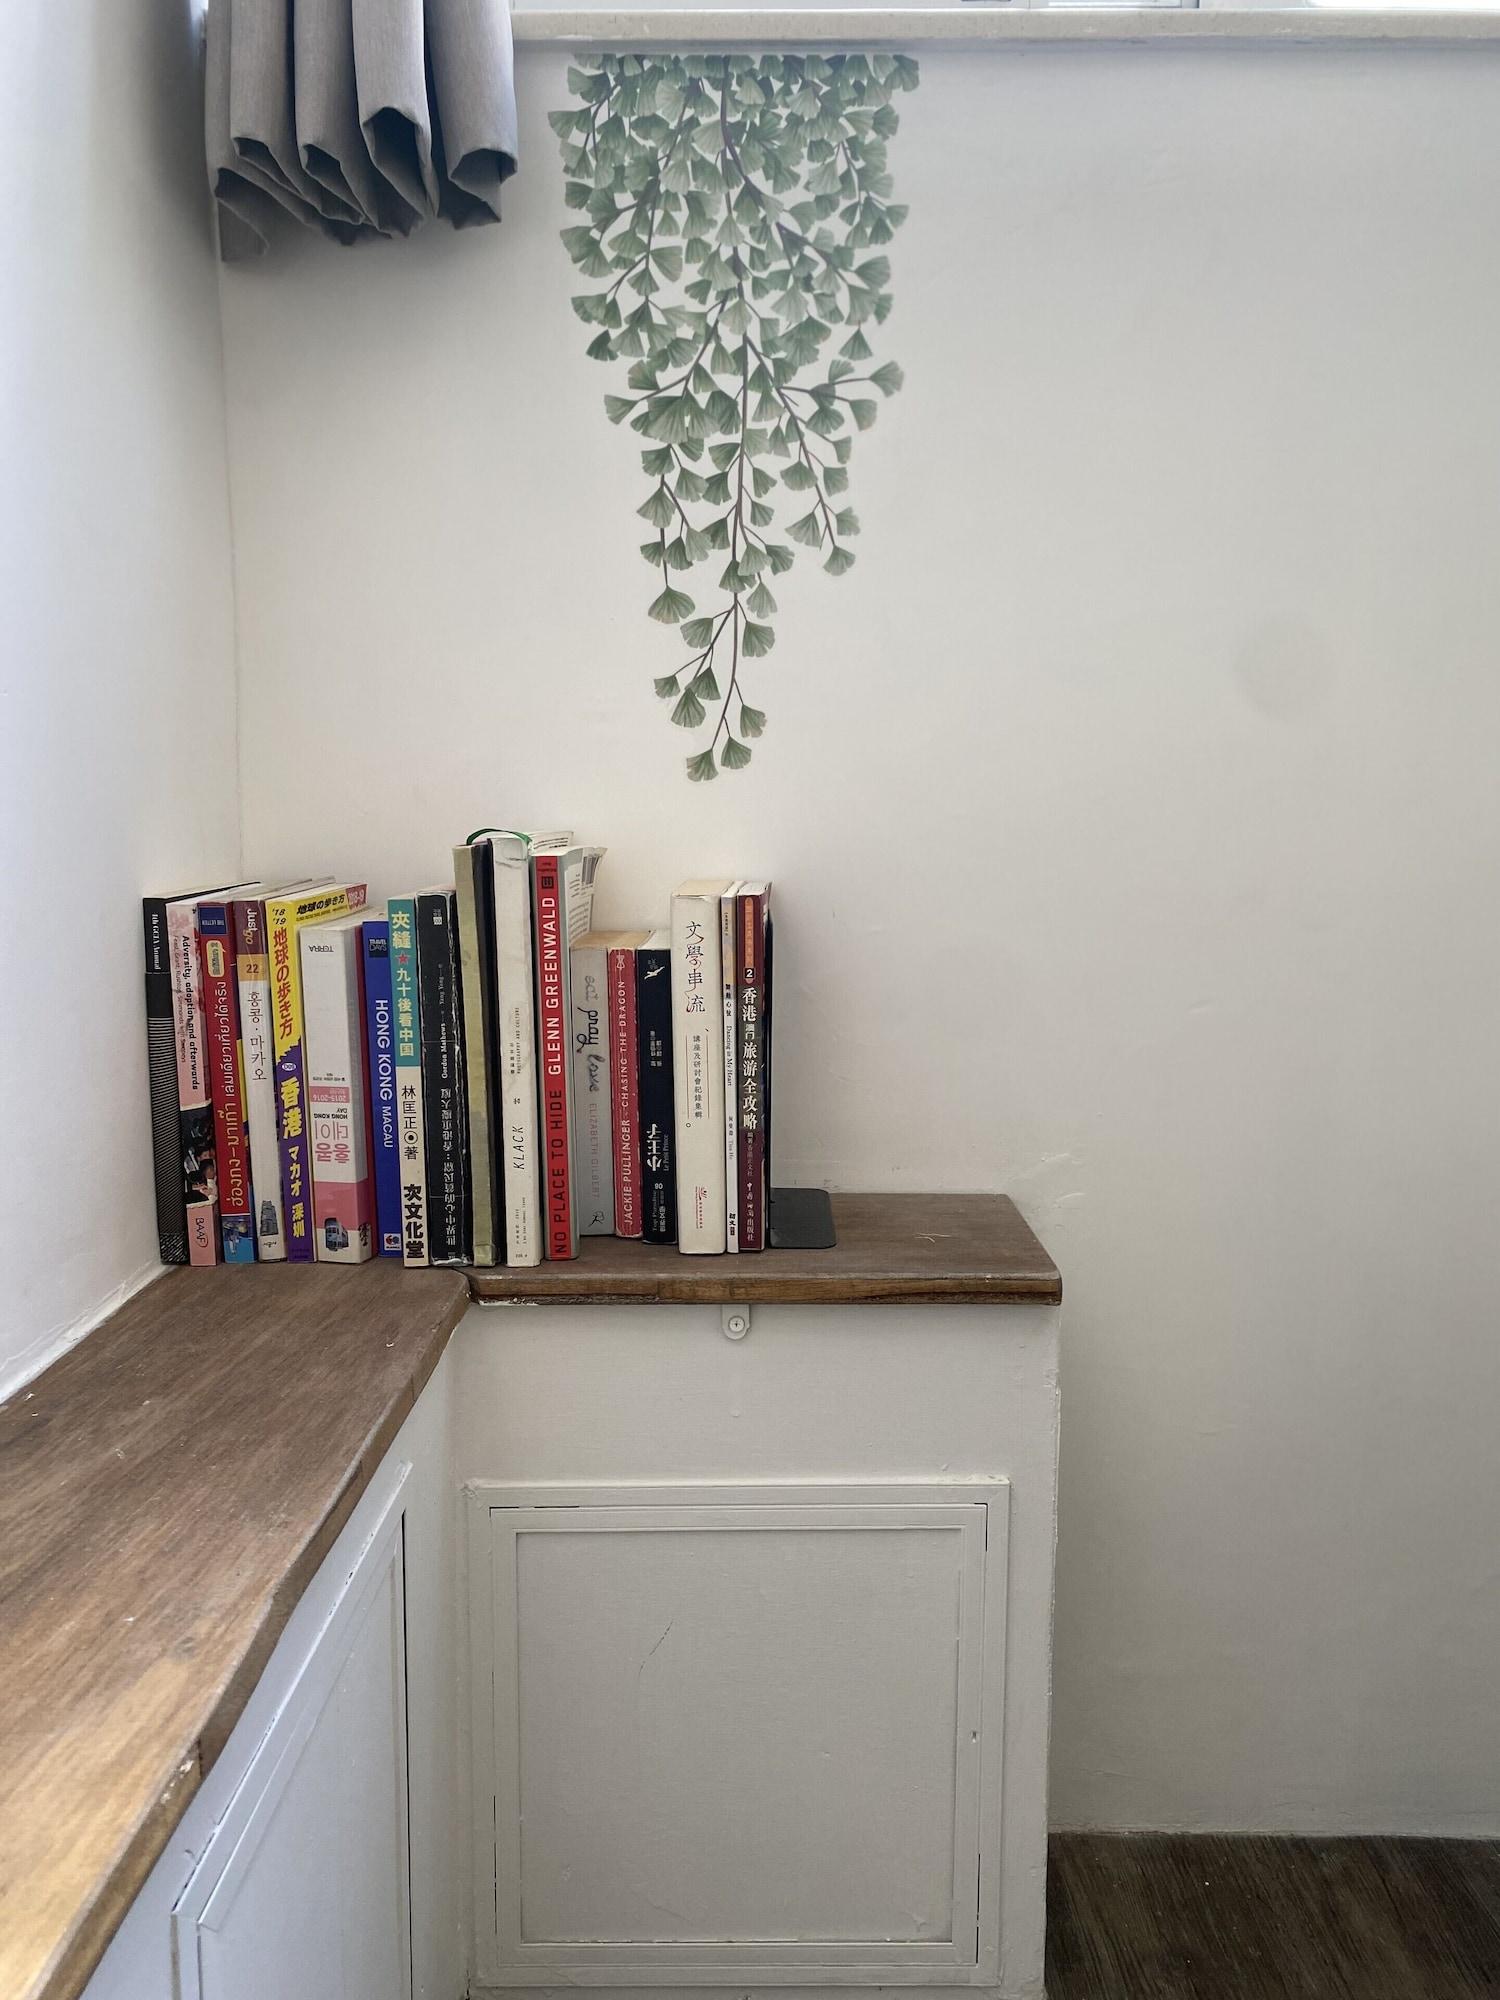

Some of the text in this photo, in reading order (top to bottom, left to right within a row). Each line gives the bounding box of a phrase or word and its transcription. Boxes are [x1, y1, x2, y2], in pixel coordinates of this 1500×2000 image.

[272, 908, 286, 917] '18
[272, 917, 287, 926] '19
[391, 911, 412, 949] 夾縫
[153, 945, 162, 970] Annual
[246, 964, 259, 974] 22
[685, 920, 705, 1013] 文學串流
[746, 968, 753, 978] 2
[273, 928, 294, 1040] 地球の歩き方
[541, 897, 562, 1075] GLENN GREENWALD
[182, 936, 200, 1090] Adversity, adoption and afterwards
[577, 975, 606, 1092] eat pray love
[375, 999, 394, 1148] HONG KONG MACAU
[726, 1058, 733, 1068] My
[280, 1077, 303, 1140] 香港
[313, 1094, 346, 1102] 2015-2016
[313, 1112, 330, 1120] KONG
[618, 981, 633, 1225] JACKIE PULLINGER CHASING THE DRAGON
[314, 1120, 349, 1140] 데이
[401, 1084, 419, 1161] 林匡正 著
[314, 1142, 350, 1164] 홍콩
[512, 1126, 525, 1170] KLACK
[589, 1103, 600, 1200] ELIZABETH GILBERT
[646, 1123, 662, 1172] 小王子
[288, 1146, 303, 1197] マカオ
[549, 1090, 567, 1253] NO PLACE TO HIDE
[195, 1217, 206, 1243] BAAF
[291, 1202, 305, 1238] 深圳
[404, 1183, 425, 1259] 次文化堂

### Exercise goal
Write out the data precisely as given, excluding the pictures.

### Solution for this problem
Some of the text in this photo, in reading order (top to bottom, left to right within a row). Each line gives the bounding box of a phrase or word and its transcription. Boxes are [x1, y1, x2, y2], in pixel coordinates of this 1500×2000 image.

[272, 908, 286, 917] '18
[272, 917, 287, 926] '19
[391, 911, 412, 949] 夾縫
[153, 945, 162, 970] Annual
[246, 964, 259, 974] 22
[685, 920, 705, 1013] 文學串流
[746, 968, 753, 978] 2
[273, 928, 294, 1040] 地球の歩き方
[541, 897, 562, 1075] GLENN GREENWALD
[182, 936, 200, 1090] Adversity, adoption and afterwards
[577, 975, 606, 1092] eat pray love
[375, 999, 394, 1148] HONG KONG MACAU
[726, 1058, 733, 1068] My
[280, 1077, 303, 1140] 香港
[313, 1094, 346, 1102] 2015-2016
[313, 1112, 330, 1120] KONG
[618, 981, 633, 1225] JACKIE PULLINGER CHASING THE DRAGON
[314, 1120, 349, 1140] 데이
[401, 1084, 419, 1161] 林匡正 著
[314, 1142, 350, 1164] 홍콩
[512, 1126, 525, 1170] KLACK
[589, 1103, 600, 1200] ELIZABETH GILBERT
[646, 1123, 662, 1172] 小王子
[288, 1146, 303, 1197] マカオ
[549, 1090, 567, 1253] NO PLACE TO HIDE
[195, 1217, 206, 1243] BAAF
[291, 1202, 305, 1238] 深圳
[404, 1183, 425, 1259] 次文化堂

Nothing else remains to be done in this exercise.